* _Task details_: Among the entries below, extract exactly the lines that run from the one with "this 1288×966 image." through the one with "this 1280×1280 image.", both ends included.

* _Material for this exercise_:
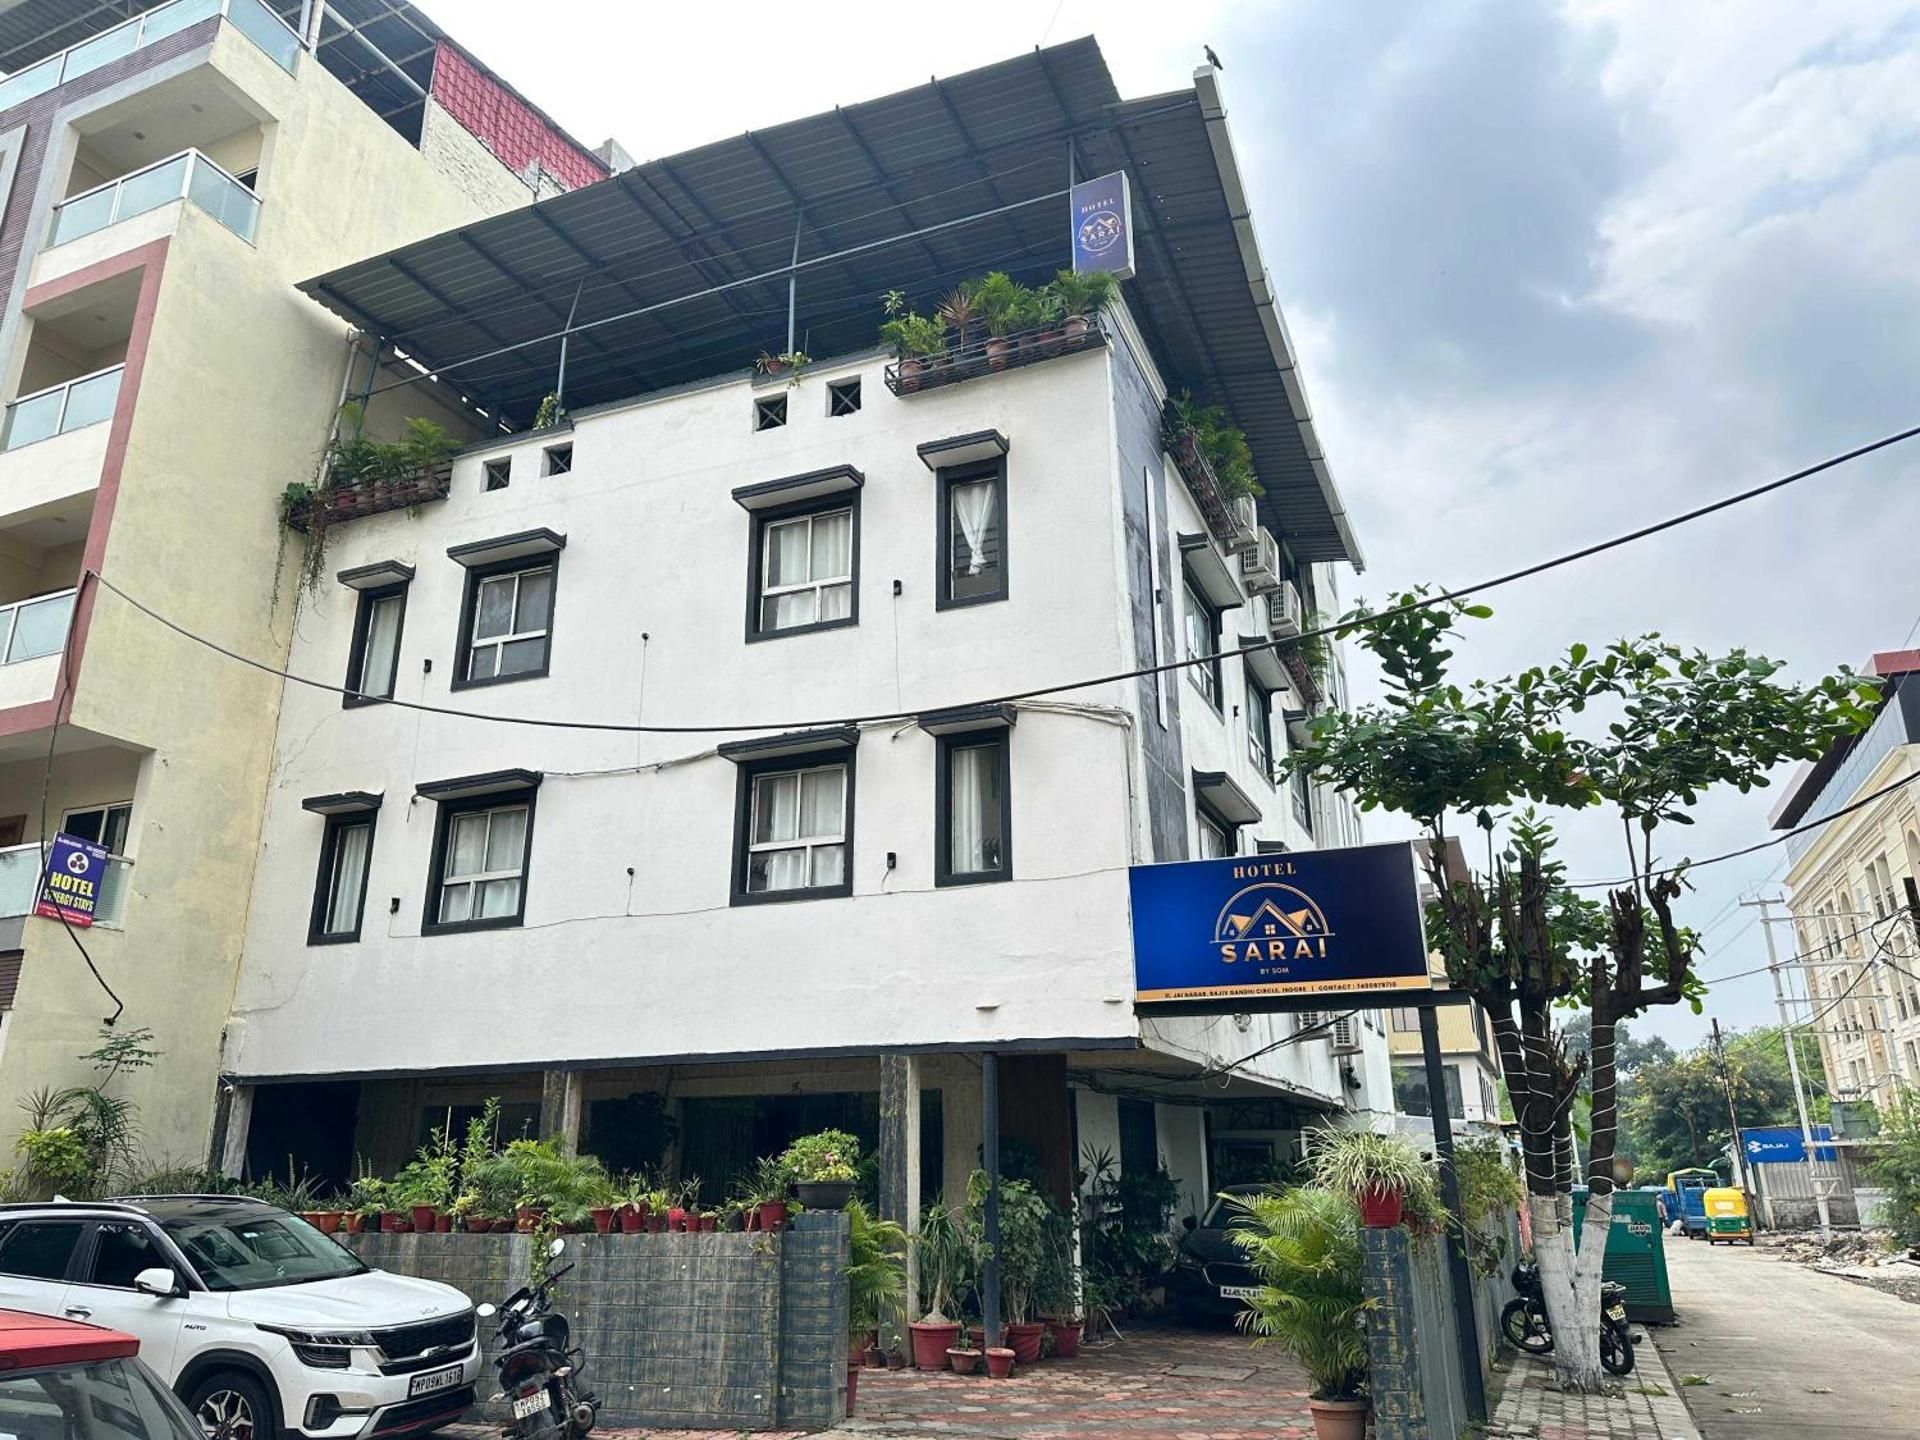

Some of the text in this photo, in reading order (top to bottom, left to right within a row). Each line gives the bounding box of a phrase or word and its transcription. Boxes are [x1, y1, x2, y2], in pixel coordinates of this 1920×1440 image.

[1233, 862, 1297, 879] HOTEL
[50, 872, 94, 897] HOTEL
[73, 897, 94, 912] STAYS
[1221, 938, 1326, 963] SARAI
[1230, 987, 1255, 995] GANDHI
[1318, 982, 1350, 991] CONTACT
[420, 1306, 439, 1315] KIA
==
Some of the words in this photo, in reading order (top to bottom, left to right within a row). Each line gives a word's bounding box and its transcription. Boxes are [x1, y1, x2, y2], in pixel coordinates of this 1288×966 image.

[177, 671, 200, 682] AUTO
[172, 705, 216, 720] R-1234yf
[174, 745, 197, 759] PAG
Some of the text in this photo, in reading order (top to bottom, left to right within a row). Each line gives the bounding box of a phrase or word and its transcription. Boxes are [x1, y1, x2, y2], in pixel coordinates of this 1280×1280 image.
...
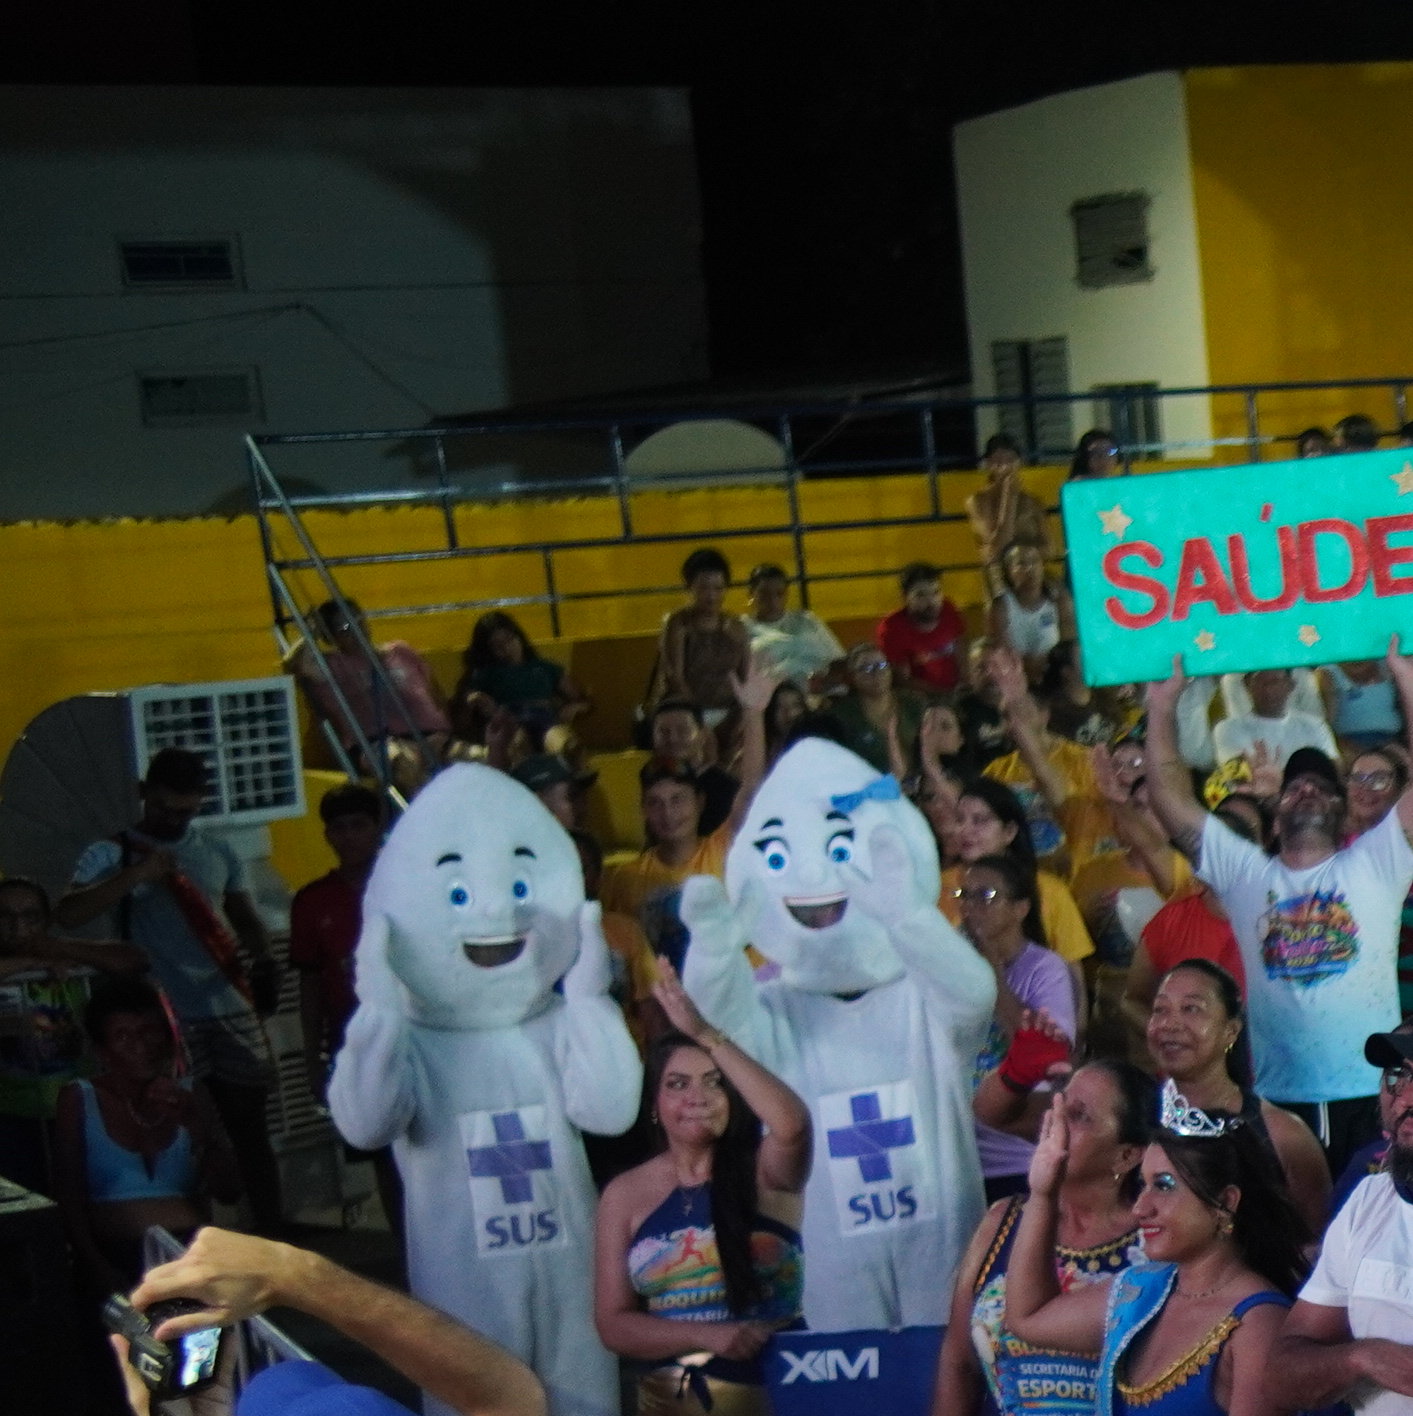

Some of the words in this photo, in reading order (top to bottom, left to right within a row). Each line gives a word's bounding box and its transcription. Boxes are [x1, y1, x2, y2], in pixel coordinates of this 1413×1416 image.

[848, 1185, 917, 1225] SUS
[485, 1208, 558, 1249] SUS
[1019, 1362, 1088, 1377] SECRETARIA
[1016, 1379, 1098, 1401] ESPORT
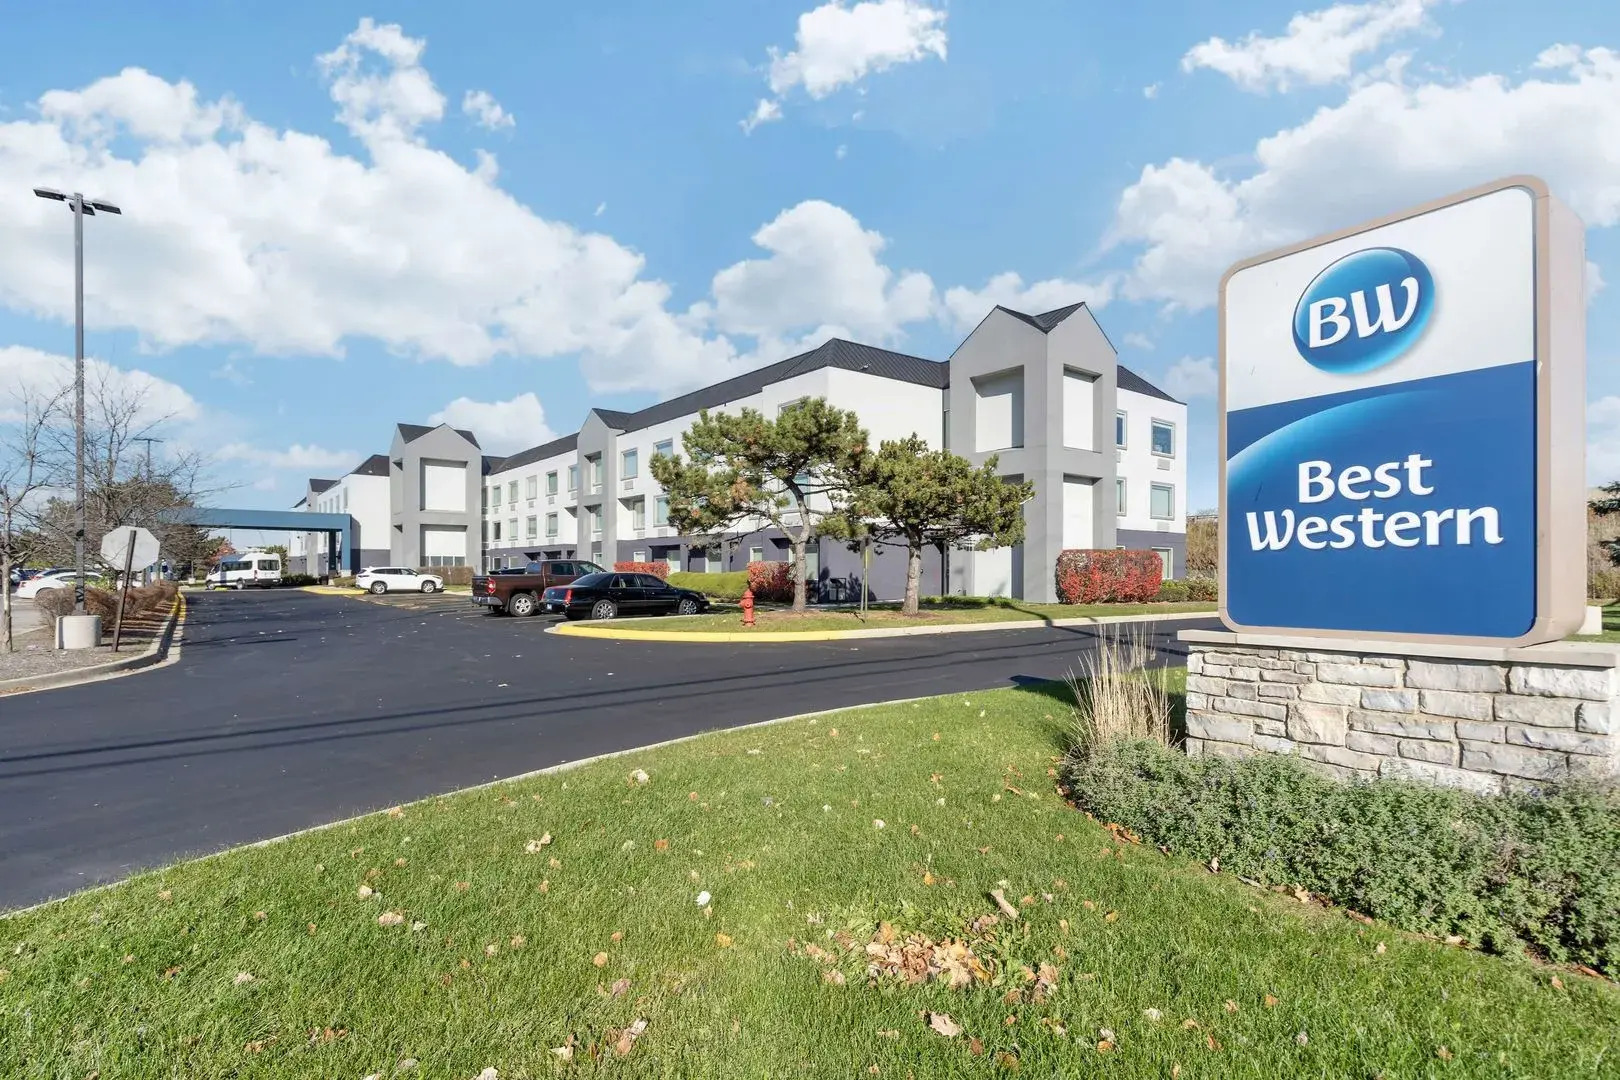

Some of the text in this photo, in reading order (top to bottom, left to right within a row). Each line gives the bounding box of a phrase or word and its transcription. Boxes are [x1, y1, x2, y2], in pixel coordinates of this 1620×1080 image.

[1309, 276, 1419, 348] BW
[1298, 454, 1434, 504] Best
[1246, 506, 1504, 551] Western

* _Expected answer_:
Some of the words in this photo, in reading order (top to bottom, left to right within a row). Each line gives a word's bounding box and its transcription. Boxes are [x1, y1, x2, y2], in pixel coordinates of this 1288×966 image.

[177, 671, 200, 682] AUTO
[172, 705, 216, 720] R-1234yf
[174, 745, 197, 759] PAG
Some of the text in this photo, in reading order (top to bottom, left to right within a row). Each line gives the bounding box of a phrase or word and its transcription. Boxes are [x1, y1, x2, y2], in pixel coordinates of this 1280×1280 image.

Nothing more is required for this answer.